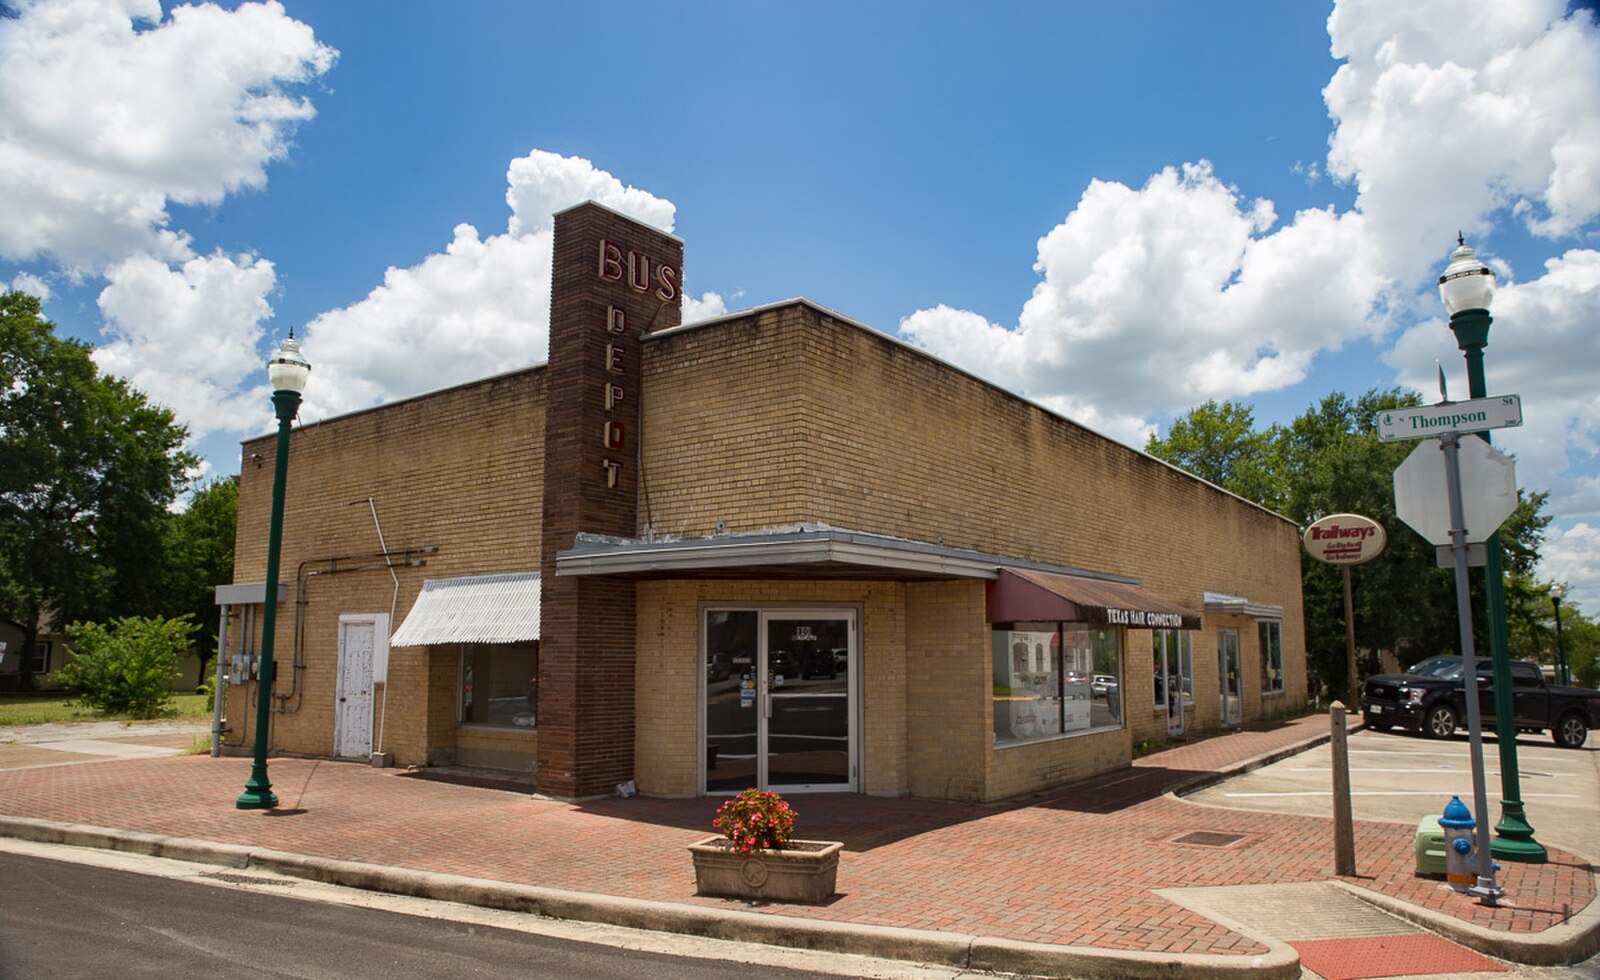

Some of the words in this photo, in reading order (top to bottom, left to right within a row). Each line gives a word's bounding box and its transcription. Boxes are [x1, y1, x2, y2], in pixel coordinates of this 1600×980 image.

[598, 239, 678, 301] BUS
[603, 305, 626, 488] DEPOT
[1409, 410, 1487, 430] Thompson
[1502, 397, 1514, 406] St
[1311, 525, 1376, 541] Trailways
[1107, 608, 1129, 624] TEXAS
[1130, 610, 1146, 625] HAIR
[1147, 612, 1182, 627] CONNECTION

Your instructions: The images are to be left out while the entries are written out exactly.

Solved problem:
Some of the words in this photo, in reading order (top to bottom, left to right within a row). Each line gives a word's bounding box and its transcription. Boxes are [x1, y1, x2, y2], in pixel coordinates of this 1600×980 image.

[598, 239, 678, 301] BUS
[603, 305, 626, 488] DEPOT
[1409, 410, 1487, 430] Thompson
[1502, 397, 1514, 406] St
[1311, 525, 1376, 541] Trailways
[1107, 608, 1129, 624] TEXAS
[1130, 610, 1146, 625] HAIR
[1147, 612, 1182, 627] CONNECTION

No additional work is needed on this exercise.